To enhance his skill in biochemistry, de Duve worked Nobel Medical Institute in Stockholm and subsequently supported by the Rockefeller Foundation at Washington University in St. Louis. He returned to Louvain in March 1947 to take over the teaching of physiological chemistry at the medical faculty of the Catholic University of Leuven, becoming full professor in 1951. In 1962, upon an offer of the president of the Rockefeller Institute (what is now Rockefeller University) of New York City, de Duve simultaneously headed the research laboratories at Leuven and at Rockefeller University, dividing his time between New York and Leuven.

Discovery of Lysome

De Duve was the first to hypothesise that production of insulin to decrease blood sugar level stimulated the uptake of glucose in the liver, and that there is a balanced production of insulin and glucagon, a peptide hormone, produced by alpha cells of the pancreas, to maintain normal blood sugar level. De Duve’s idea was ridiculed at the time, but his rediscovery of glucagon confirmed his ideas. In 1953 he experimentally demonstrated that glucagon did influence the production and thus uptake of glucose. In 1955 Christian de Duve discovered previously unknown organelles in the cell, lysosomes. These have important functions in decomposing different types of materials, such as bacteria and parts of cells that have worn out. To microscopists in the early 20th century, the sheer number of components in a living cell made it appear a jumbled, indecipherable mass.

Cell Fractionation

In 1930s, a technique referred to as cell fractionation was introduced, later perfected by Christian de Duve and others, to separate the functional parts of a cell and thus allow for clearer examination with powerful electron microscopes. Cell fractionation involves grinding cells in order to break the cell membrane and then sorting the released contents by mass and weight through precisely calibrated cycles of centrifugation.[3] The lysosome obtained a morphological identity in 1955 as a result of a brief collaboration with Alex Novikoff, a visiting scientist from the Albert Einstein College of Medicine in New York, who had expertise in electron microscopy. Novikoff’s micrographs showed that the “light mitochondrial” fraction contained membrane bounded “dense bodies” similar to those present in the peri-canalicular region of hepatocytes.[4]

The Endosymbiotic Theory

After confirmation of lysosome, de Duve’s team was troubled by the existence of another enzyme urate oxidase in rat liver cell fraction. He was convinced that it did not belong to lysosome because it is not an acid hydrolase, typical of lysosomal enzymes, but still had similar distribution as acid phosphatase. In 1960 he further found that other enzymes such as catalase and D-amino acid oxidase were similarly distributed in cell fraction, and they were believed to be mitochondrial enzymes. De Duve work has contributed to the emerging consensus that the endosymbiotic theory is correct; the idea which proposes that eukaryotic cell organelles originated as prokaryotic cells, which came to live inside eukaryotic cells as endosymbionts. According to his own version, eukaryotic cells with their structures and properties, including their ability to capture food by endocytosis and to digest it intracellularly, were developed first. Later prokaryotic cells were incorporated to form more organelles.

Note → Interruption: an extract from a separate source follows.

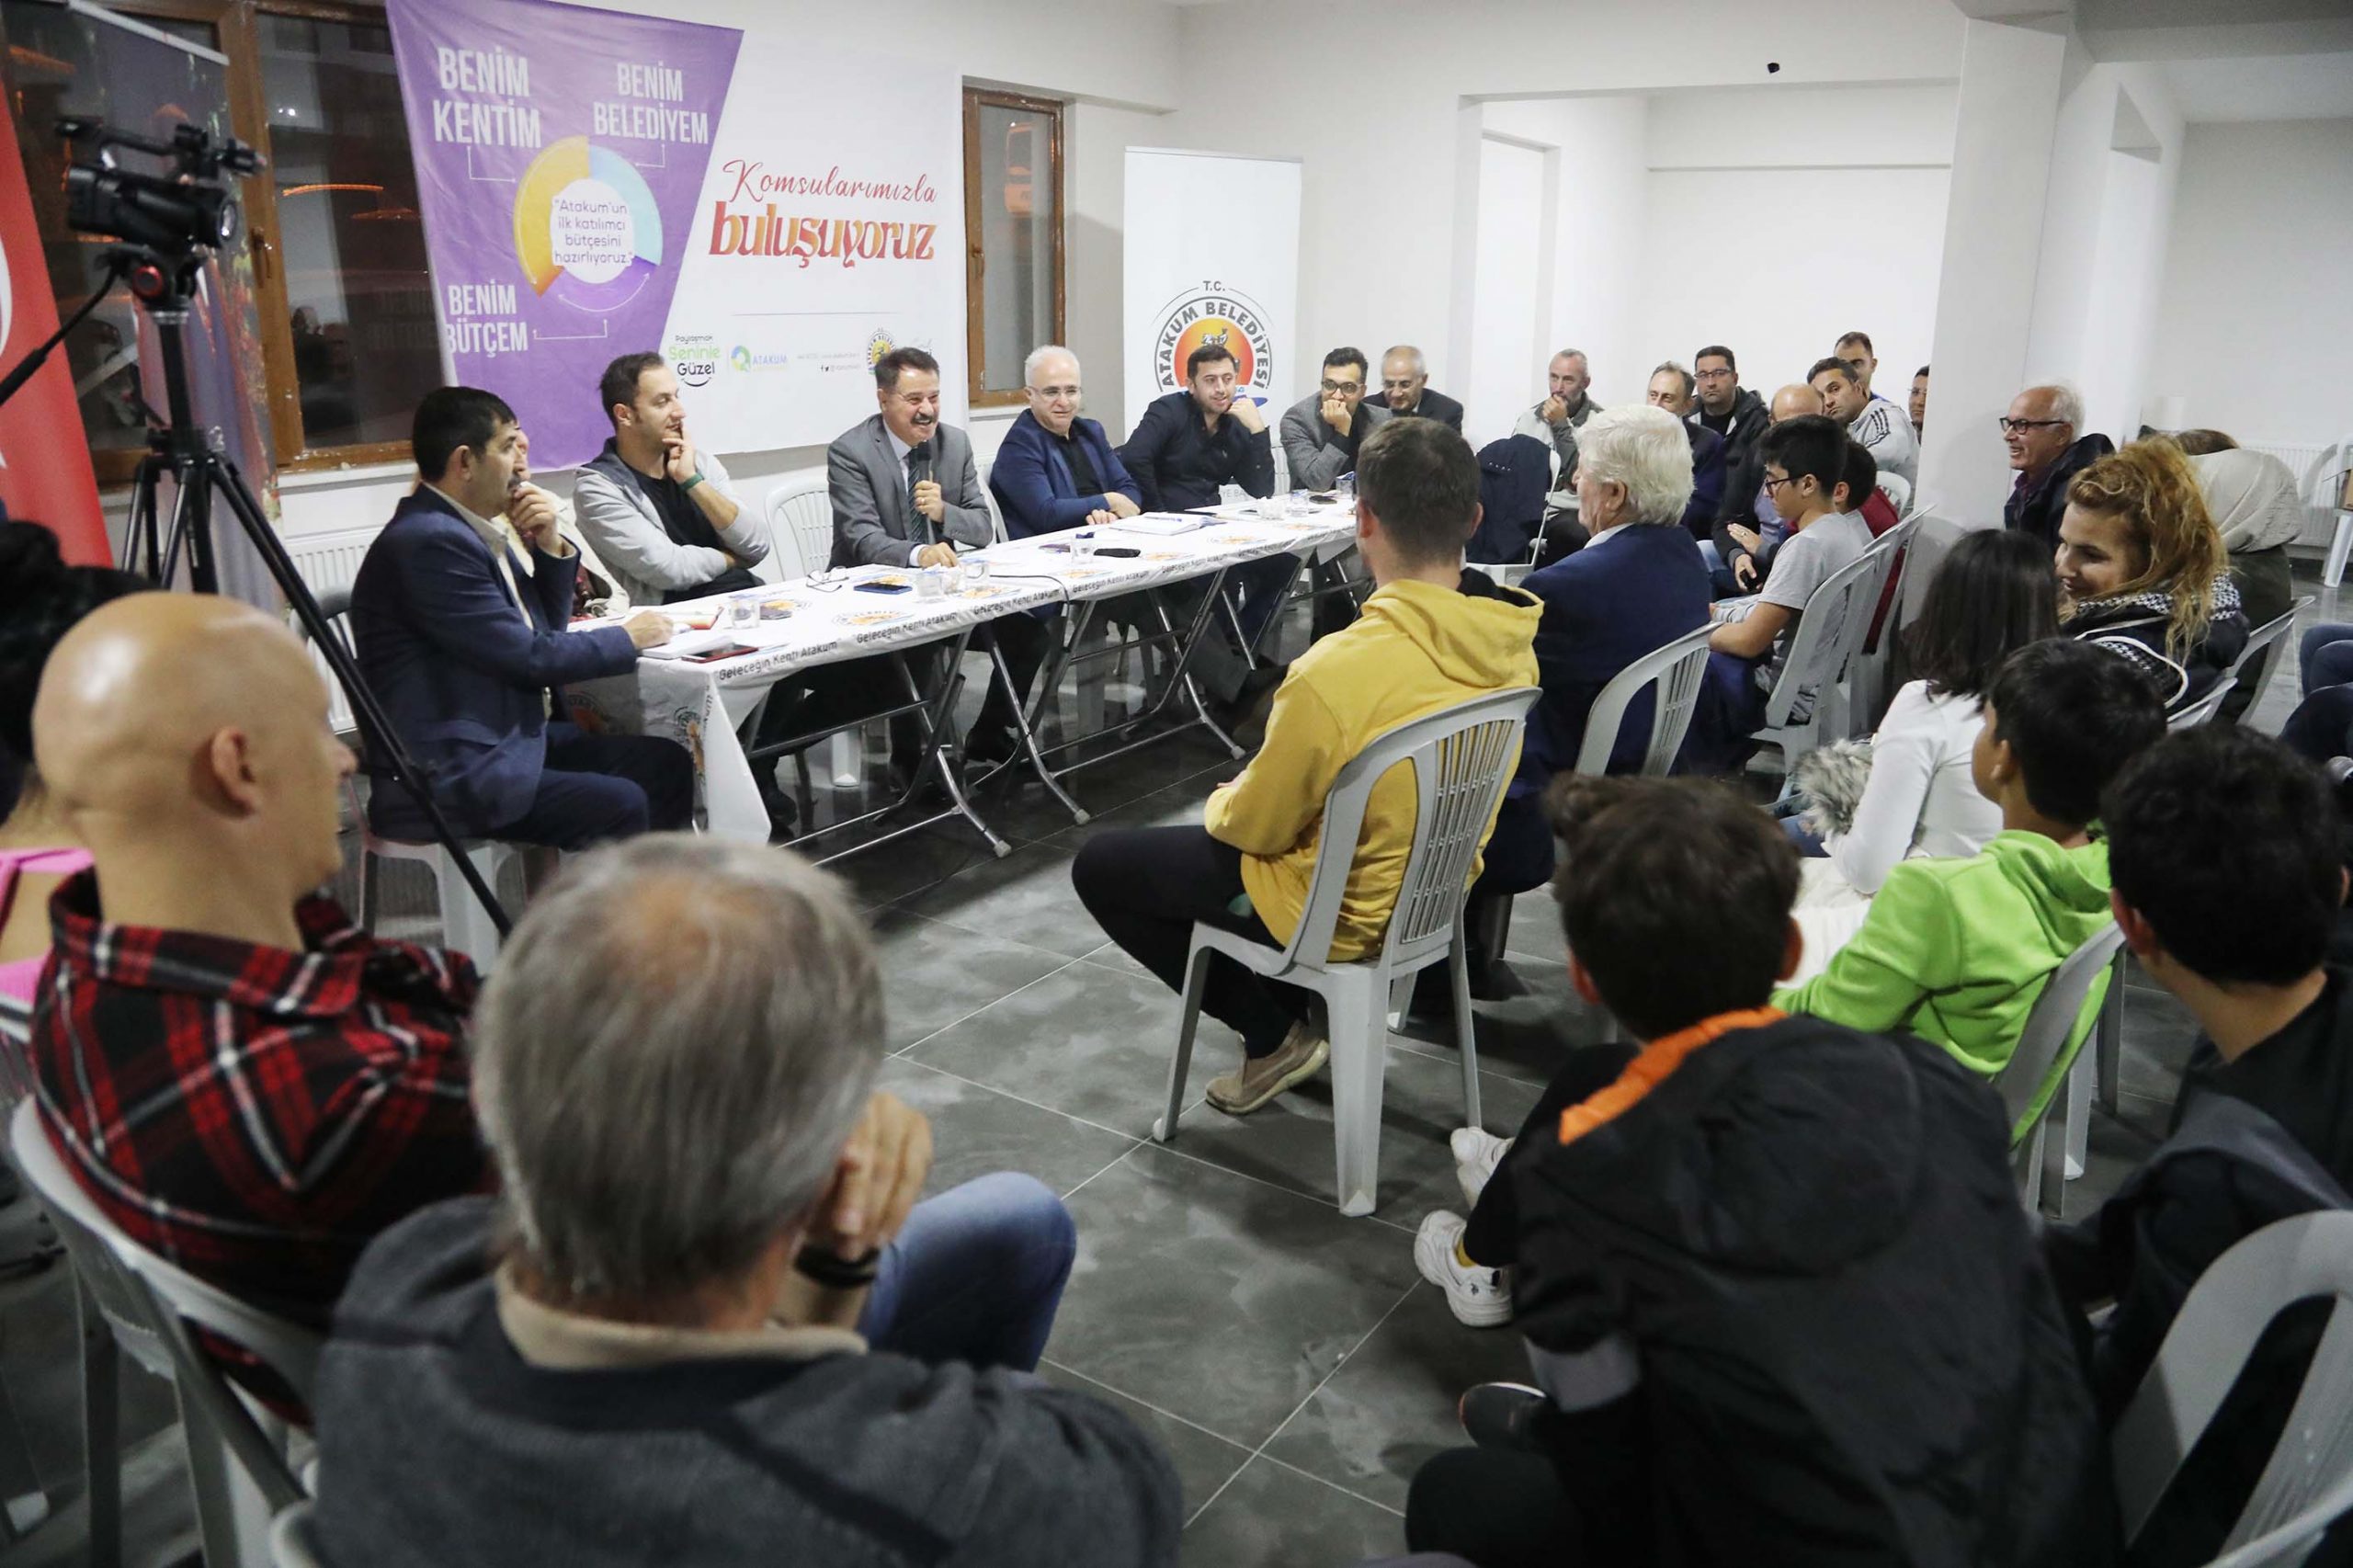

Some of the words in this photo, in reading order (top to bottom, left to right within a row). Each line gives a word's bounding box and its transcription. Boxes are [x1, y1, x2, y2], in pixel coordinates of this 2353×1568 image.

Nobel Prize and Later Life

In 1971 de Duve was elected to the American Academy of Arts and Sciences. Since 1973 he was a member of the German Academy of Natural Scientists Leopoldina, and since 1975 a member of the National Academy of Sciences. In 1988 he was elected a foreign member of the Royal Society, and in 1991 he was accepted into the American Philosophical Society. In 1974 he received, together with Claude and Palade, the Nobel Prize in Physiology or Medicine for his investigations into the structure and function of the organization of the cell. In the same year he founded the International Institute for Cell and Molecular Pathology (ICP) in Brussels, in whose management he was involved until his death. De Duve died on 4 May 2013 by legal euthanasia.


Bob Long, Long – 2401 Lecture 7, Cytology: Organelles and Function part 1, [9]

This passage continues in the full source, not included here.